(Collected data)
================

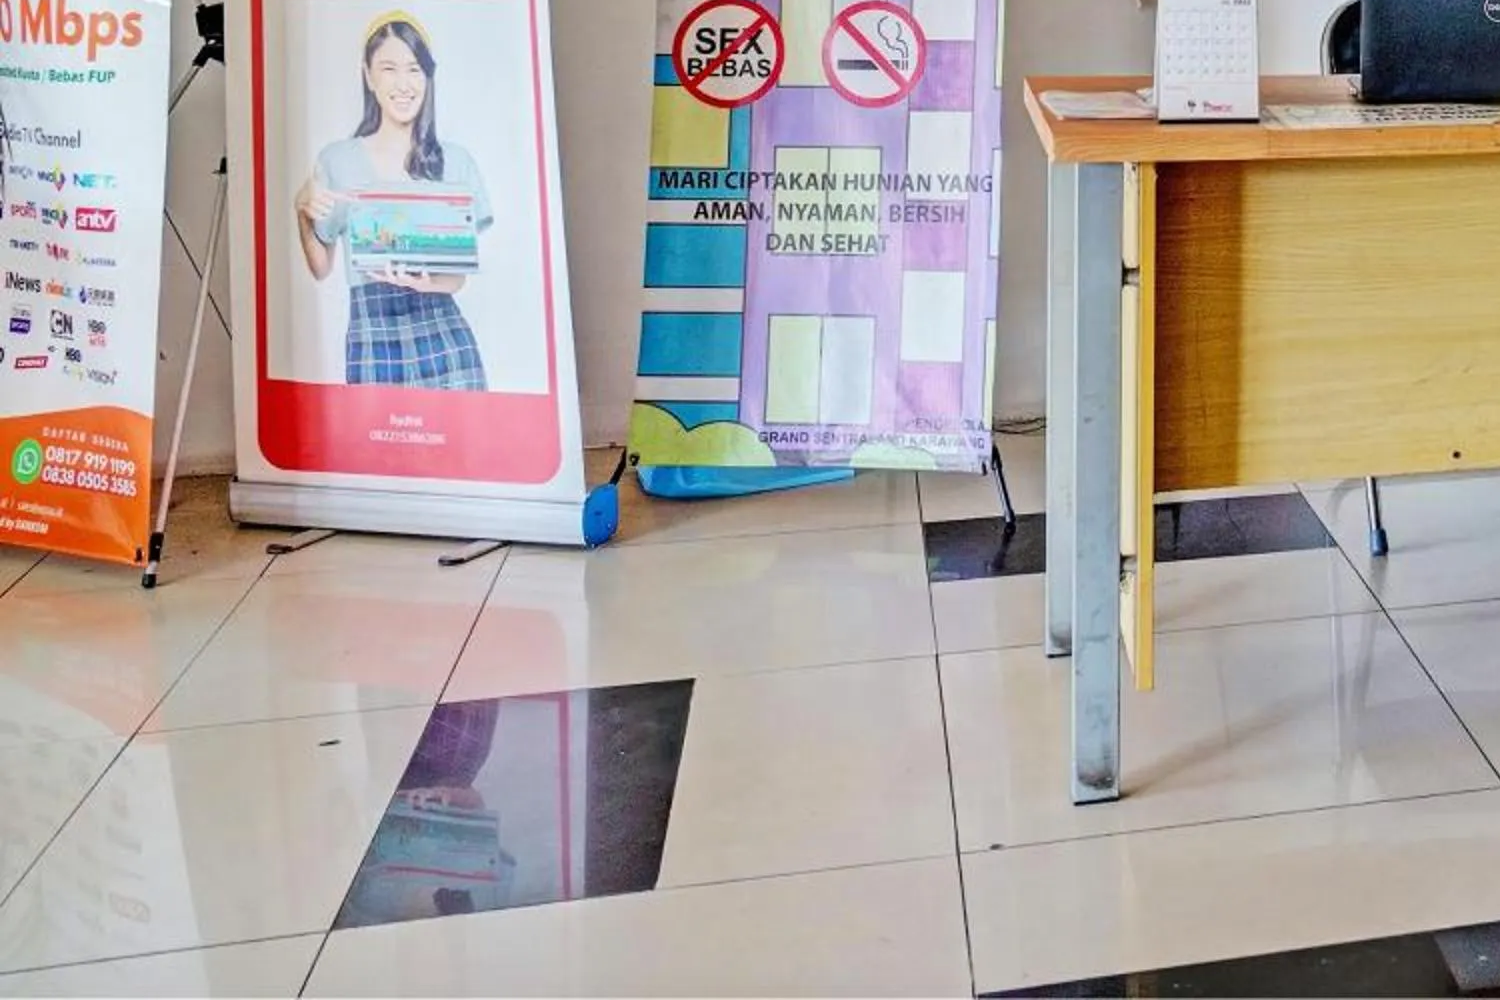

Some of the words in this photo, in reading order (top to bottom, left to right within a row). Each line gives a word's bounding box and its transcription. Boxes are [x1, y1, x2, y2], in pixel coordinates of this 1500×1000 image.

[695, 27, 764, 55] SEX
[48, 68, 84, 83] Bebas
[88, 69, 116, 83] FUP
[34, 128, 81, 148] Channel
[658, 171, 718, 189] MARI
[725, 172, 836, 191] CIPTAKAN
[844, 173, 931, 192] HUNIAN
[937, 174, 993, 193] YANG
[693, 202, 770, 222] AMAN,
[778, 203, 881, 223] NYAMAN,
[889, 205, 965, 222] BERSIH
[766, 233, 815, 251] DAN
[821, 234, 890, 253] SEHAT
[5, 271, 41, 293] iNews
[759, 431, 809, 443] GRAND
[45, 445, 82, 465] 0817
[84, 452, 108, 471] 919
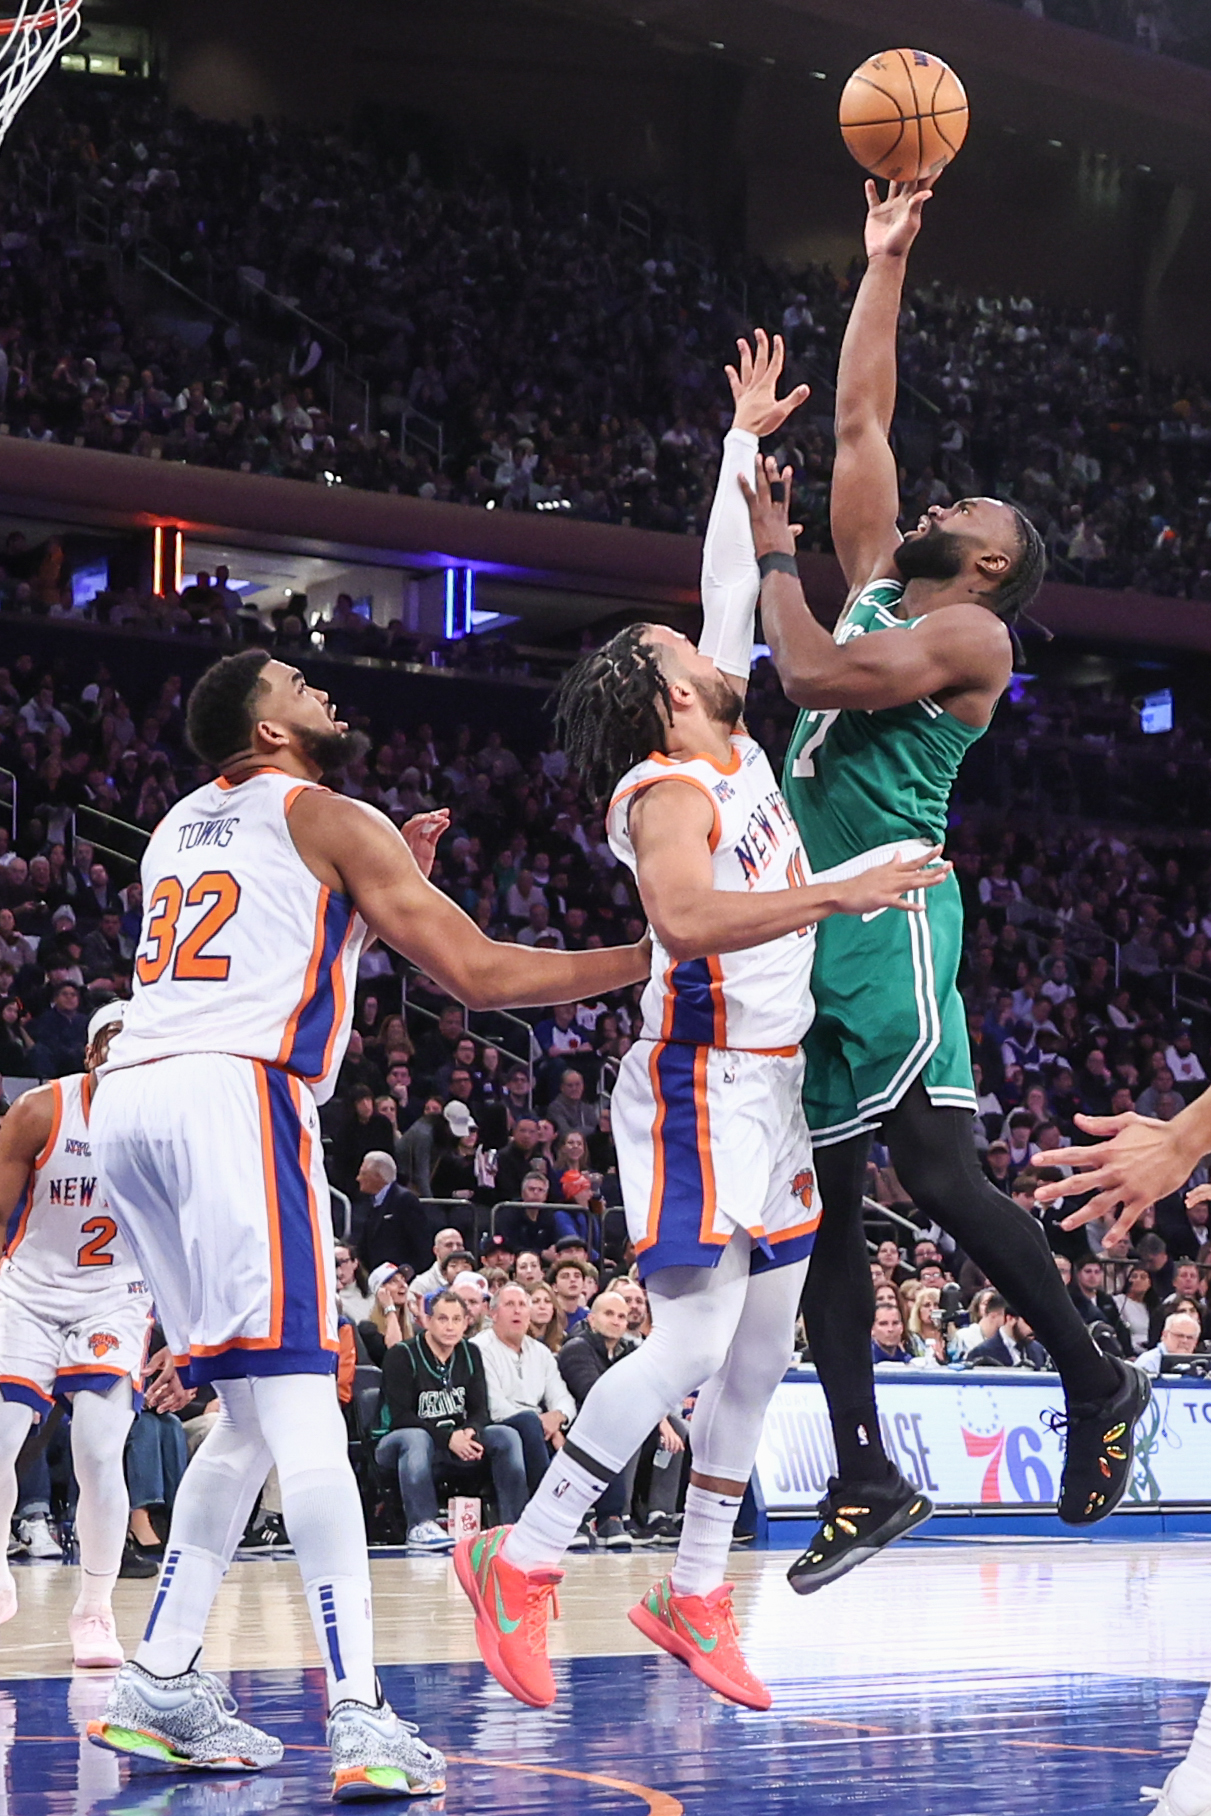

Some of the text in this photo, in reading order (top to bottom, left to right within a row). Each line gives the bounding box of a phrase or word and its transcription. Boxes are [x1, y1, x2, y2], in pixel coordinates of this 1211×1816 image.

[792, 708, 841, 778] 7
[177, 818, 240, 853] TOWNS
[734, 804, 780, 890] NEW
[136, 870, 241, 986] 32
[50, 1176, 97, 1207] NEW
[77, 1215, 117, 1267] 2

================

Retype the data in full. Images do not go in the copy.

Some of the words in this photo, in reading order (top to bottom, left to right within a row). Each line gives a word's bounding box and its transcription. Boxes are [x1, y1, x2, y2], in pixel coordinates of this 1500×1000 image.

[695, 27, 764, 55] SEX
[48, 68, 84, 83] Bebas
[88, 69, 116, 83] FUP
[34, 128, 81, 148] Channel
[658, 171, 718, 189] MARI
[725, 172, 836, 191] CIPTAKAN
[844, 173, 931, 192] HUNIAN
[937, 174, 993, 193] YANG
[693, 202, 770, 222] AMAN,
[778, 203, 881, 223] NYAMAN,
[889, 205, 965, 222] BERSIH
[766, 233, 815, 251] DAN
[821, 234, 890, 253] SEHAT
[5, 271, 41, 293] iNews
[759, 431, 809, 443] GRAND
[45, 445, 82, 465] 0817
[84, 452, 108, 471] 919

Some of the text in this photo, in reading order (top to bottom, left to right within a row). Each line gives the bounding box of a phrase or word and its transcription. Boxes are [x1, y1, x2, y2], in pixel coordinates of this 1211×1816 image.

[792, 708, 841, 778] 7
[177, 818, 240, 853] TOWNS
[734, 804, 780, 890] NEW
[136, 870, 241, 986] 32
[50, 1176, 97, 1207] NEW
[77, 1215, 117, 1267] 2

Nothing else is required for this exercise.